Goal of the exercise
Pictures do not belong in the copy; retype the records below exactly.

Working data Block Start

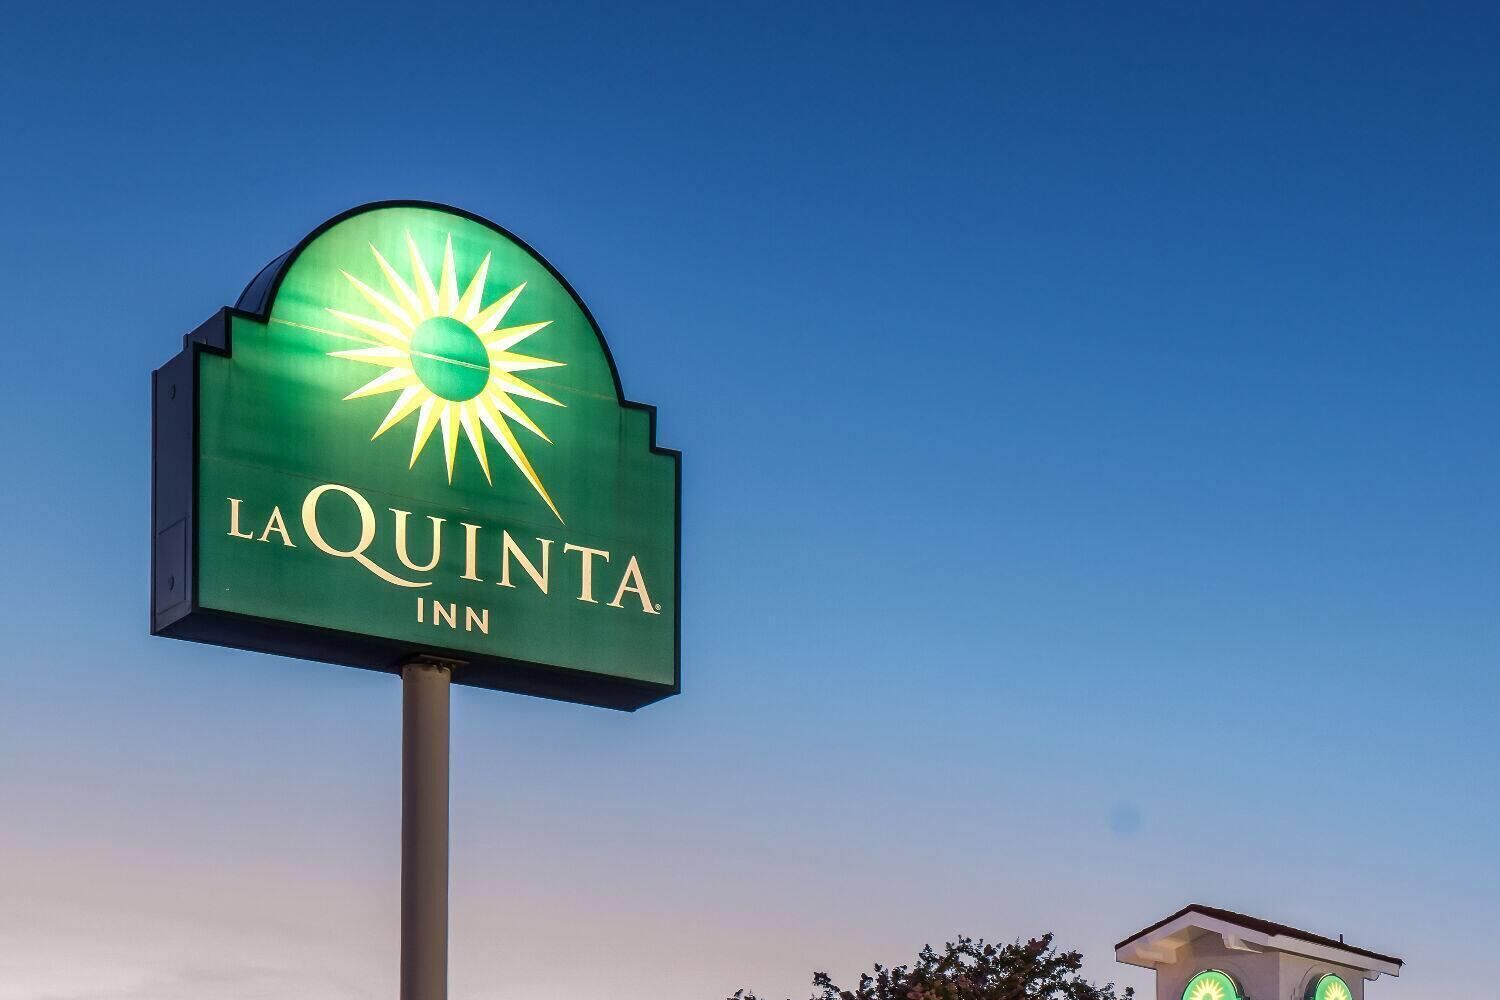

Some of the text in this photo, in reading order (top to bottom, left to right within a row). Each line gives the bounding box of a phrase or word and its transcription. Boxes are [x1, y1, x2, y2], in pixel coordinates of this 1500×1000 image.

[227, 484, 661, 615] LA QUINTA
[417, 597, 489, 635] INN
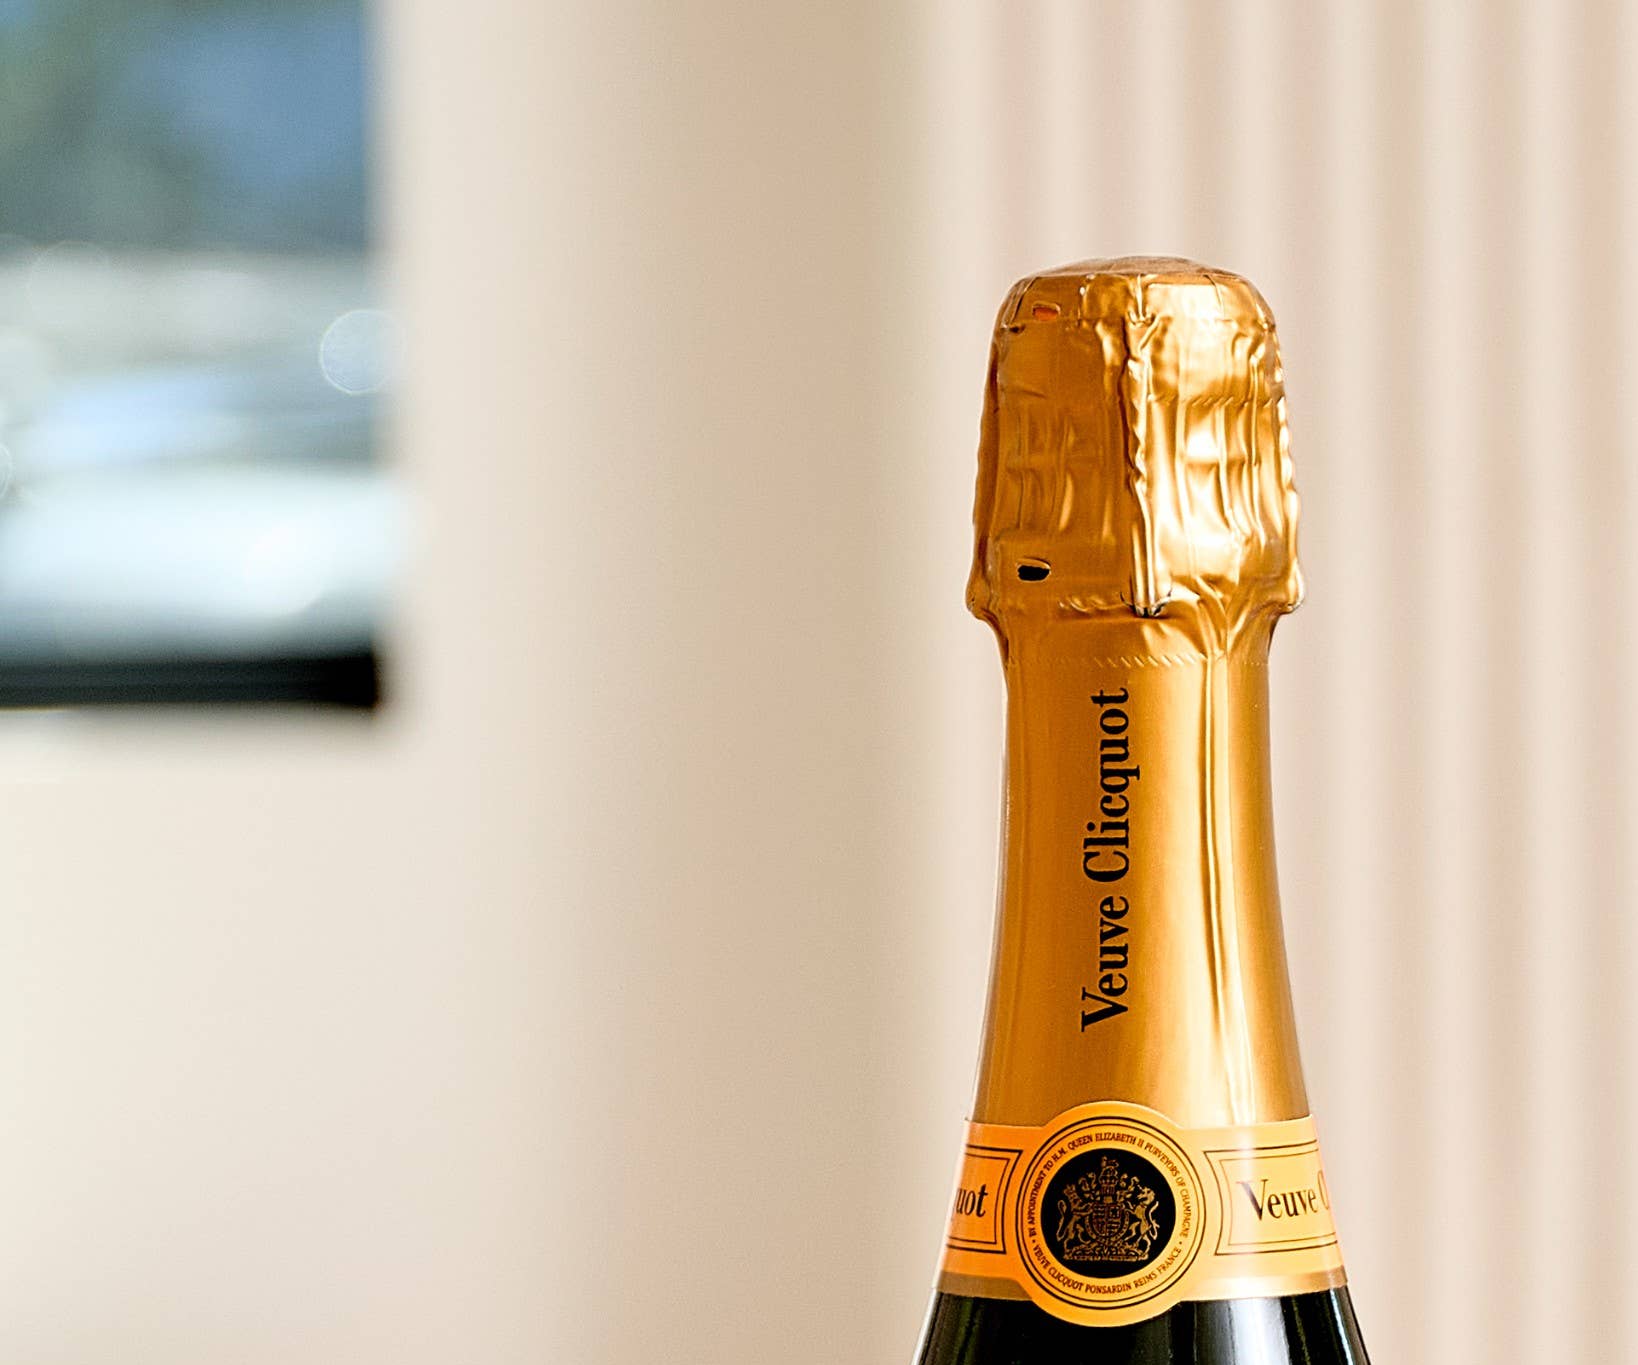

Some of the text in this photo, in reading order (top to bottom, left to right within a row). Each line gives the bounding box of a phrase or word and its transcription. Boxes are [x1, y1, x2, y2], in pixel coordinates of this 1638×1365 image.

[1080, 687, 1140, 1033] Veuve Clicquot
[1067, 1134, 1093, 1151] QUEEN
[1094, 1132, 1137, 1145] ELIZABETH
[1043, 1160, 1054, 1171] TO
[1144, 1142, 1180, 1177] PURVEYORS
[1026, 1169, 1047, 1225] APPOINTMENT
[1176, 1176, 1186, 1187] OF
[1236, 1179, 1318, 1221] Veuve
[1180, 1188, 1192, 1238] CHAMPAGNE
[1033, 1244, 1182, 1295] VEUVE CLICQUOT PONSARDIN REIMS FRANCE

Working data Block End

The answer
Some of the text in this photo, in reading order (top to bottom, left to right within a row). Each line gives the bounding box of a phrase or word and its transcription. Boxes are [x1, y1, x2, y2], in pixel coordinates of this 1500×1000 image.

[227, 484, 661, 615] LA QUINTA
[417, 597, 489, 635] INN

Some of the text in this photo, in reading order (top to bottom, left to right within a row). Each line gives the bounding box of a phrase or word and its transcription. Boxes are [x1, y1, x2, y2], in pixel coordinates of this 1638×1365 image.

[1080, 687, 1140, 1033] Veuve Clicquot
[1067, 1134, 1093, 1151] QUEEN
[1094, 1132, 1137, 1145] ELIZABETH
[1043, 1160, 1054, 1171] TO
[1144, 1142, 1180, 1177] PURVEYORS
[1026, 1169, 1047, 1225] APPOINTMENT
[1176, 1176, 1186, 1187] OF
[1236, 1179, 1318, 1221] Veuve
[1180, 1188, 1192, 1238] CHAMPAGNE
[1033, 1244, 1182, 1295] VEUVE CLICQUOT PONSARDIN REIMS FRANCE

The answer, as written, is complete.